Below is additional information about Columbia’s sewer line safety program. Questions can be directed to Cley Bullock, project lead, at 434.660.2541 or email@example.com or Monique Finneran, director of communications & community relations for Columbia Gas at 804.777.3079 or firstname.lastname@example.org.
What is a cross bore and how does it happen?Many utility companies use trenchless technology to install pipelines and cables below the ground with minimal excavation or disruption to surface features. This proven construction practice provides an alternative to open trenching and helps reduce road closures, minimizes restoration costs, and allows for safe and efficient utility construction in established neighborhoods or urban areas.
Prior to any construction, utilities and contractors are required to call 811 and request the marking of all utility lines in the area. In the past, sewer lines were sometimes not marked or marked incorrectly, leaving the potential for natural gas lines to be bored through the sewer lines, resulting in a cross bore. A cross bore can go undetected for months or even years. Eventually, if a sewer backup develops, a plumber is called to remove the blockage. Plumbers often use a mechanical rotary device to remove a blockage from a clogged sewer line. This practice can damage the utility line and create an unsafe situation allowing natural gas to migrate into the sewer system and even into homes and buildings.

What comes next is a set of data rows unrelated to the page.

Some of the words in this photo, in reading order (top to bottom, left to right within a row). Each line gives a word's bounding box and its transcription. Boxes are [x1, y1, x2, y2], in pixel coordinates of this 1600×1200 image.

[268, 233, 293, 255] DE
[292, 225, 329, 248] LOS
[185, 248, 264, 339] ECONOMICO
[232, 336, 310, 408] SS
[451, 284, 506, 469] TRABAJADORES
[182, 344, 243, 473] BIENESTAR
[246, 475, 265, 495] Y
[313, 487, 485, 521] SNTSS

You can read more about cross bores on our website at columbiagasva.com/services/stay-safe/digging-and-line-safety.
Important sewer line safety tips
- Call 811 before clearing a sewer line. This free service will alert utility companies of your plans and allow underground utilities to be marked. If the markings show that an existing underground utility line crosses the path of the sewer line, it may be a cross bore that is causing the blockage.

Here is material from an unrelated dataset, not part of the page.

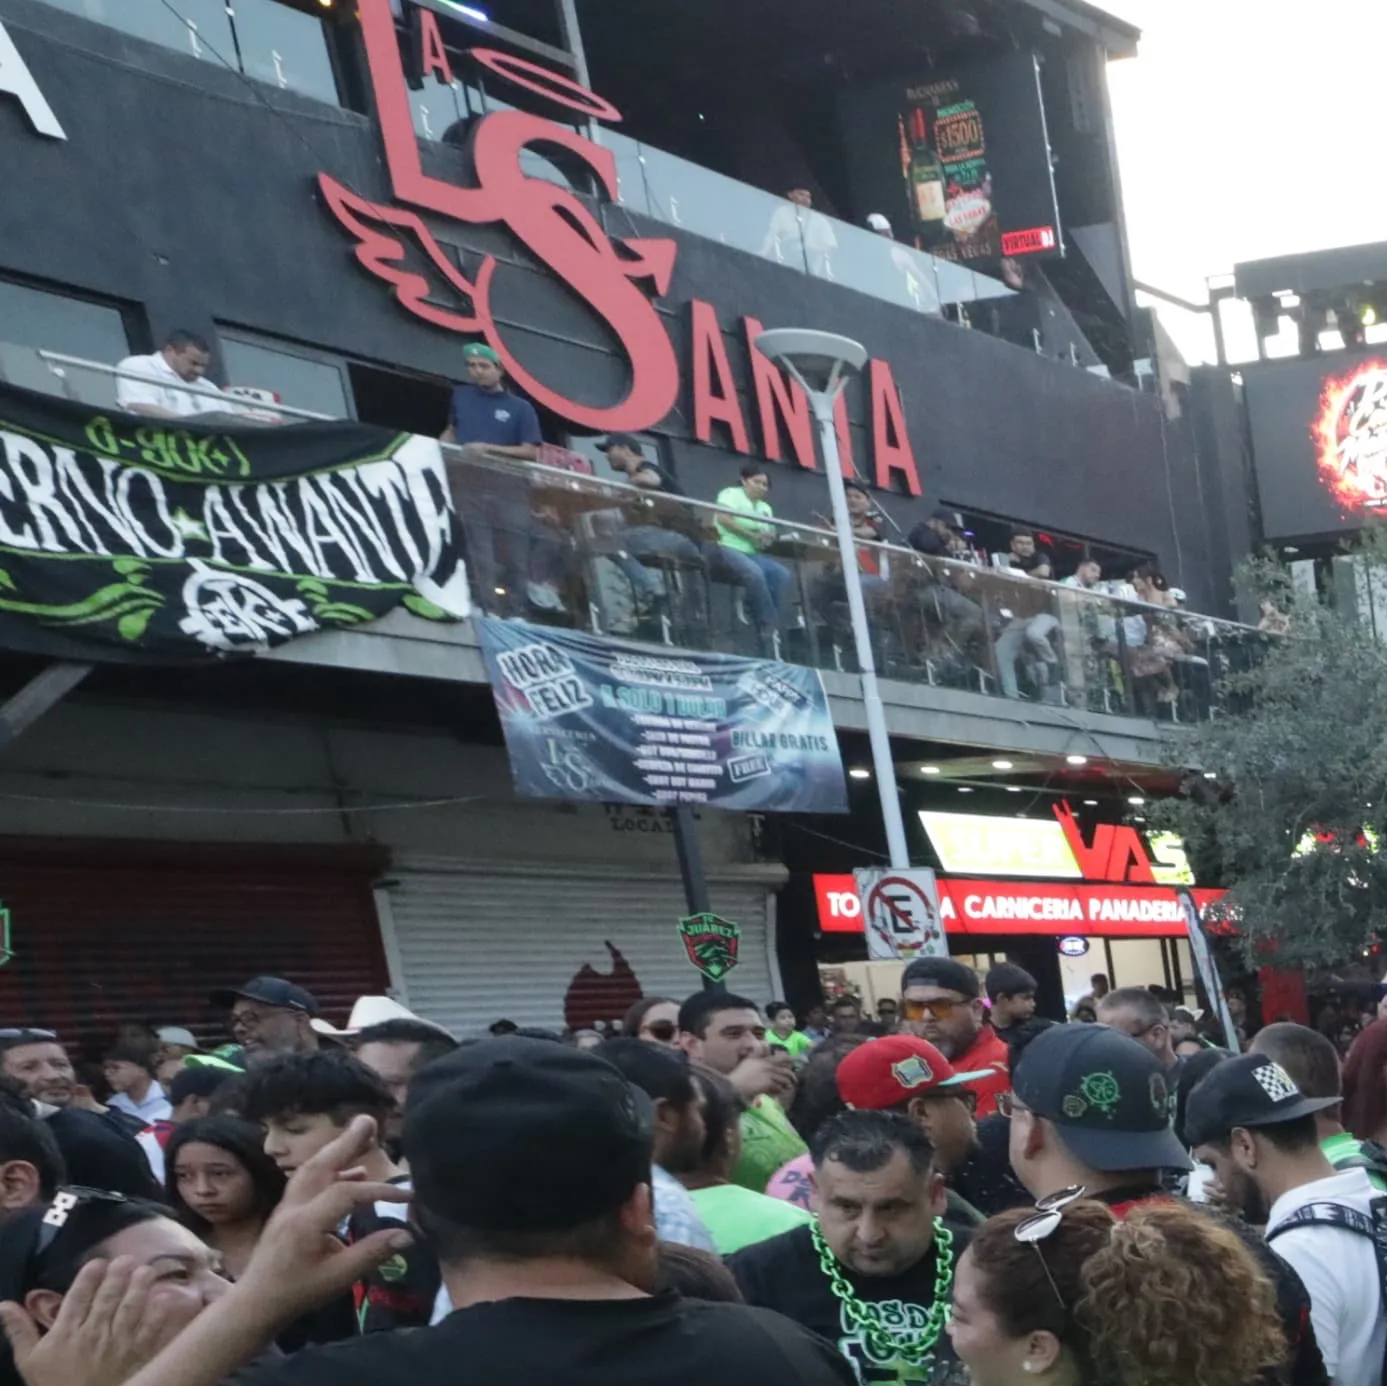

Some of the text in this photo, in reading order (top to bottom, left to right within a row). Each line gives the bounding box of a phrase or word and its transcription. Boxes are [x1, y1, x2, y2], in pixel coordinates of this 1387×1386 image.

[500, 644, 572, 684] HORA
[528, 679, 592, 717] FELIZ
[779, 734, 829, 752] GRATIS
[964, 894, 1083, 921] CARNICERIA

- Be alert to the signs of a natural gas leak, including hissing sounds, a distinctive rotten eggs odor, blowing dirt or bubbling water (in a sink, toilet, or other area where water collects). If you suspect a gas leak, immediately leave the area and from a safe place call 911 and the Columbia Gas Emergency Number at 1-800-544-5606.
- If you suspect or determine a blockage is caused by a cross bore:
- Stop all work
- Do not attempt to clear the blockage with a mechanical device
- Contact and get help from any utility provider(s) that may be involved, including Columbia Gas
About Columbia Gas
Columbia Gas of Virginia delivers safe, reliable and clean natural gas to more than 265,000 customers in portions of Northern Virginia, Hampton Roads, suburban Richmond, Central Virginia, Shenandoah Valley, Lynchburg region and Western Virginia. With headquarters in Chesterfield County, the company is one of the seven energy distribution companies of NiSource, Inc. (NYSE: NI) serving 3.8 million natural gas and electric customers. Always call 811 before you dig and Dig with CARE.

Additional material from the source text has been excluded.